A visit to Auschwitz to chronicle how Nazi doctors fueled the Holocaust helped a writer better understand the nature of evil, her grandfather and herself

6 minute read

by Laura Kelley | February 10, 2025
Photo of Laura Kelley’s grandfather, Curtis Smith, as a GI during WWII who helped liberate one of the camps during the Holocaust. Also, the entrance to Block 10 at Auschwitz’s main camp, where countless prisoners, mainly women, were subjected to inhumane medical experiments that left enduring scars on history.
What you need to know:

 

Medicine Behind the Barbed Wire, a four-part series

Part four: Laura Kelley, media relations professional at CU Anschutz, reflects on her childhood experiences with her grandfather who served as a GI in Europe during WWII and helped liberate Dachau. He shared harrowing photos and stories from his time in the war, deeply impacting her understanding of the Holocaust.

As our bus approached the Auschwitz-Birkenau Memorial and Museum, memories of my childhood flooded back.

I recalled sitting on the floor with my grandfather, Curtis Smith, surrounded by photographs.

Some showed Jews being led to trains bound for Birkenau, a Nazi death camp that was part of the Auschwitz complex. Others depicted crematoriums inside concentration camps. My grandfather found the photos while serving as a GI in Europe during World War II. His unit had liberated Dachau in April 1945.

Dachau was one of the first and longest running concentration camps in Nazi Germany. Auschwitz was the most efficient. Both had the same goal – rid Europe of Jews and other `undesirables.’

Stories behind each photo

My grandfather, a soft-spoken antiques dealer, would go through every photograph and tell me the story behind each one.
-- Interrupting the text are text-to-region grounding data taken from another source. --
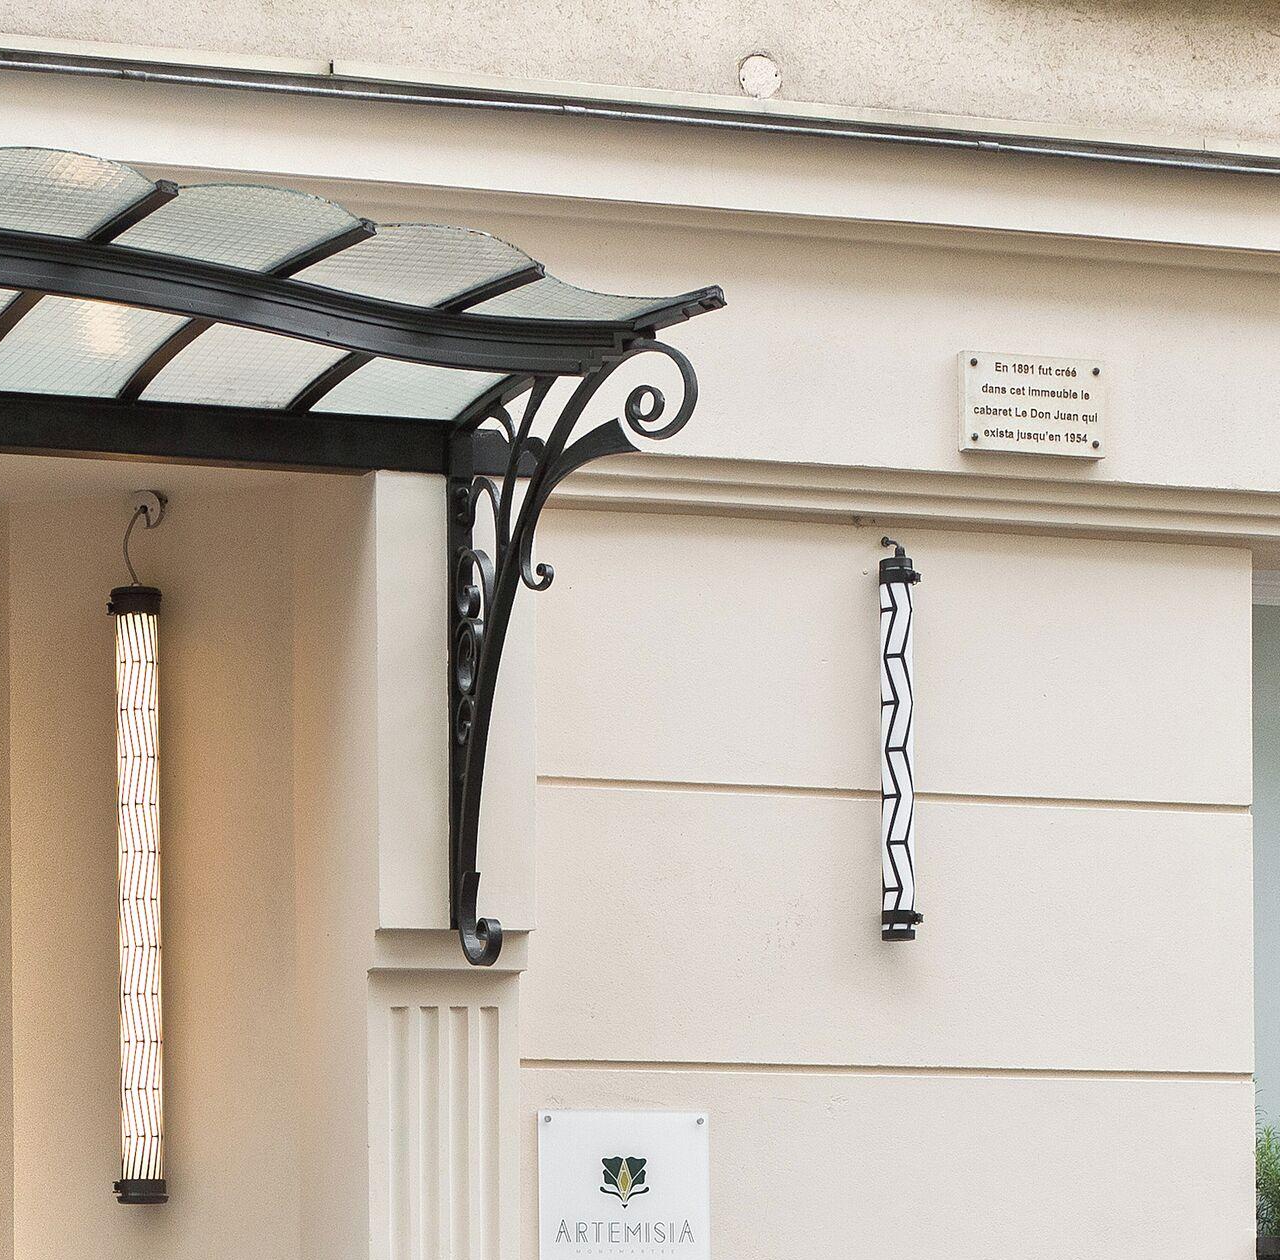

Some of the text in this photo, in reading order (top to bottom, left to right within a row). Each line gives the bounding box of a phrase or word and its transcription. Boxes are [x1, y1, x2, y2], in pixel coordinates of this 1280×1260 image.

[995, 362, 1077, 378] En 1891 fut créé
[982, 383, 1090, 400] dans cet immeuble le
[974, 406, 1098, 424] cabaret Le Don Juan qui
[984, 428, 1088, 443] exista jusqu'en 1954
[555, 1219, 695, 1243] ARTEMISIA
I couldn’t comprehend it then; maybe I could now.

Full series: Medicine Behind the Barbed Wire

 

It was September and I was covering the “Medical Review Auschwitz: Medicine Behind the Barbed Wire” conference in Poland. Each year the University of Colorado Center for Bioethics and Humanities on the Anschutz Medical Campus sends a small group of fellows to Krakow as part of a program focusing on the role German doctors played in the Holocaust.

My grandfather was no doctor but he and his fellow soldiers saved and treated as many  prisoners as they could. They also uncovered gas chambers and mass graves.

Despite the gentleness he showed in his later years-tending his garden and painting landscapes-he talked openly and often about what he witnessed, believing education alone could prevent it from happening again.

“When you walk into something like that it changes you forever,” he told me. “We had seen so much in combat, but nothing prepared us for this horror. Inhumanity on this level was impossible to comprehend.”

Entering the darkness of Block 10

Now, 80 years later, I was standing inside Auschwitz, perhaps the most grotesque monument to `The Final Solution’ still standing.

As I passed under the infamous “Arbeit macht frei” – “Work Sets You Free” sign – I steeled myself for the darkness my grandfather had faced.

The author's personal reflection: Throughout my life I had listened to the stories, watched documentaries and read books about the Holocaust, yet it was here, in this dimly lit basement, that the pain, fear and hopelessness they experienced fully revealed itself to me.

Few places were darker than Block 10. Forbidden to most people, program participants were allowed in. This is where Nazi doctors conducted some of their most heinous experiments on healthy, mostly female, prisoners.

We entered in silence. A wooden operating slab stood in one room. I tried to picture the number of people tortured on that lonely slab. I imagined their fear and terror as they were subjected to inhumane experiments that often killed them.

Yet it is Blocks 5 through 7 that are perhaps the most disturbing. They contain personal belongings of the prisoners and show what they endured daily. Suitcases with names on them, pairs of old shoes. There was a room with piles of human hair, a cruel indignity inflicted on those already robbed of everything.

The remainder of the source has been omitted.